Sometimes the ones who stick around the longest are those who didn't get their due in the first place. A case in point would be Wanda Jackson, the 73-year-old rockabilly queen who played to a packed house at the World Cafe Live on Tuesday.

Sometimes the ones who stick around the longest are those who didn't get their due in the first place.

A case in point would be Wanda Jackson, the 73-year-old rockabilly queen who played to a packed house at the World Cafe Live on Tuesday.

The still-frisky and full-of-chutzpah pint-sized fireball is currently undergoing a career renaissance, thanks to Jack White, the former White Stripes guitarist who produced her new, stylistically varied, wildly inconsistent comeback album, The Party Ain't Over.

White contacted Jackson, who was inducted into the Rock and Roll Hall of Fame in 2009, because he was a fan of the incendiary songs such as "Hard Headed Woman" and "Mean, Mean Man" that Jackson cut when she was a teenager dating Elvis Presley and arguably the first full-fledged female rock-and-roller.

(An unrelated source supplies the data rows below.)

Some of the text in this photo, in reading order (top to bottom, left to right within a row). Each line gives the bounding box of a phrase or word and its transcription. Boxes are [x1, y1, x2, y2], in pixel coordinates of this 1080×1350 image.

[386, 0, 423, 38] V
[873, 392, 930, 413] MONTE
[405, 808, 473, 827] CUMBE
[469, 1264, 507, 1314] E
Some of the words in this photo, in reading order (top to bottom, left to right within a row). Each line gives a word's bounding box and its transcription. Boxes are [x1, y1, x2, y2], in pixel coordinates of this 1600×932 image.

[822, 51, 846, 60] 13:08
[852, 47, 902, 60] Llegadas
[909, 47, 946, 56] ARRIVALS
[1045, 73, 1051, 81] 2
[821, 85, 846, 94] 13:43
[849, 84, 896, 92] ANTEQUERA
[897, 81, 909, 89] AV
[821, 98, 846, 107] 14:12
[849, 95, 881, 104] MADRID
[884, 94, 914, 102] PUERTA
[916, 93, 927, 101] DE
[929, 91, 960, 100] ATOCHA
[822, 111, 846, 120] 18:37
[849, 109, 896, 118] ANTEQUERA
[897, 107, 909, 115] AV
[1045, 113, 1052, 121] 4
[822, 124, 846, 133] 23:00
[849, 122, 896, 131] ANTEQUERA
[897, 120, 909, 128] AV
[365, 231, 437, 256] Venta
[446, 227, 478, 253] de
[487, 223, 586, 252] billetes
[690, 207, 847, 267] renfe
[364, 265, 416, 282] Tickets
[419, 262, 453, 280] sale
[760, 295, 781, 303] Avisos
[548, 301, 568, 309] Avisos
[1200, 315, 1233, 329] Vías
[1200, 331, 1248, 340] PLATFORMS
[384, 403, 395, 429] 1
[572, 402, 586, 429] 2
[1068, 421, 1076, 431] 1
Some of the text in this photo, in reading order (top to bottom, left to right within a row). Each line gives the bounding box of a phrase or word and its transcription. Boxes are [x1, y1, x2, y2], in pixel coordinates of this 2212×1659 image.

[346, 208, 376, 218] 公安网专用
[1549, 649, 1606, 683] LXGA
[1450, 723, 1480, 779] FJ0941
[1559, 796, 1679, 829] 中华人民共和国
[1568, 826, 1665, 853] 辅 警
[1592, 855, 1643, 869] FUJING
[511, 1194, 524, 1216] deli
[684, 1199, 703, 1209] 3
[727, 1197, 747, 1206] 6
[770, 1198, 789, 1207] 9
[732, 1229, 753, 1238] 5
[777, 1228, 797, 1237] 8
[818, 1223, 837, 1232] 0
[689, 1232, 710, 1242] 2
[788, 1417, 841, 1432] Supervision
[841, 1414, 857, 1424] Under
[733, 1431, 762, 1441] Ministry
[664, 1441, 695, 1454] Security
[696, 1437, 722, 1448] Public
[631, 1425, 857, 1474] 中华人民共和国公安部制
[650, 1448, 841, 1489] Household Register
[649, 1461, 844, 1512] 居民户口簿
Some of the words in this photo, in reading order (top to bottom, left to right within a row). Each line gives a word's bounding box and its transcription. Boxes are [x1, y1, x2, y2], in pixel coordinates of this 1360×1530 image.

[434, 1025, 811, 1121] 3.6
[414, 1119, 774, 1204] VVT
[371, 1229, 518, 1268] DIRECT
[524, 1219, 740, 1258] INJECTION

(So much a fan was White, according to Jackson, that he had a poster of her from the 1950s on his bedroom wall when he was 15. "So next time you see him," Jackson told the multigenerational, dressed-to-the-nines crowd at the World Cafe, "tell him you know who his pinup girl is.")

But as Jackson pointed out, this isn't the first time she's been rediscovered. It's been an ongoing thing since the early '90s.

Jackson was backed up Tuesday by the Lustre Kings, a sprightly rockabilly quartet out of Albany, N.Y., led by Mark Gamsjager. The vibrant show stretched to an hour and a half, thanks to several spoken autobiographical interludes. In one, Jackson talked about having a ring that Presley gave her checked out to make sure the diamonds were real - a ring that her husband of 50 years "still lets me wear, sometimes." She also recalled how her early rock-and-roll sides, recorded with Presley's encouragement, didn't find a wide audience at the time.

She did have some early success, particularly with "Fujiyama Mama," in 1959, which went to No. 1 in Japan despite Jackson's convincingly comparing her sexual power to the impact of the atom bombs dropped on Hiroshima and Nagasaki.

There was more than a faint echo of that gale-force attack in the version Jackson delivered on Tuesday, and she also impressed with the fervor she put into shouting out "Ow!" on the growling cover of Johnny Kidd & the Pirates' "Shakin' All Over," one of three songs she included from The Party Ain't Over.

But for the most part, Jackson's accomplishments as a rock-and-roll pioneer were largely forgotten in the '60s, '70s, and '80s.

In that period, the showbiz lifer from Maud, Okla., returned to singing country tunes like the 1961 self-penned hit "Right or Wrong." She sang that Tuesday in a clear, strong, heartbroken voice, as she also offered a sample of the gospel phase of her career with a joyful take on Hank Williams' "I Saw the Light," which she did after telling the crowd about becoming a born-again Christian in 1971.

It was only in the early 1990s, Jackson said, that a new generation of fans began to unearth obscure classics like the swirling funhouse romp "Funnel of Love," a 1961 B-side that she later rerecorded with the Cramps.

That renewed appreciation for Jackson's pioneering accomplishments laid the foundation for her collaboration with White, which sometimes misfires, as with the misguided cover of Amy Winehouse's "You Know I'm No Good" that Jackson gamely play-acted at the WCL. Better fits were the ribald cover of Gene Vincent's "Rip It Up," Jackson's women-in-prison version of Leiber and Stoller's "Riot in Cell Block #9" and the closing take of Jerry Lee Lewis' "Whole Lotta Shakin' Goin' On," during which there was plenty of just that, on stage and off.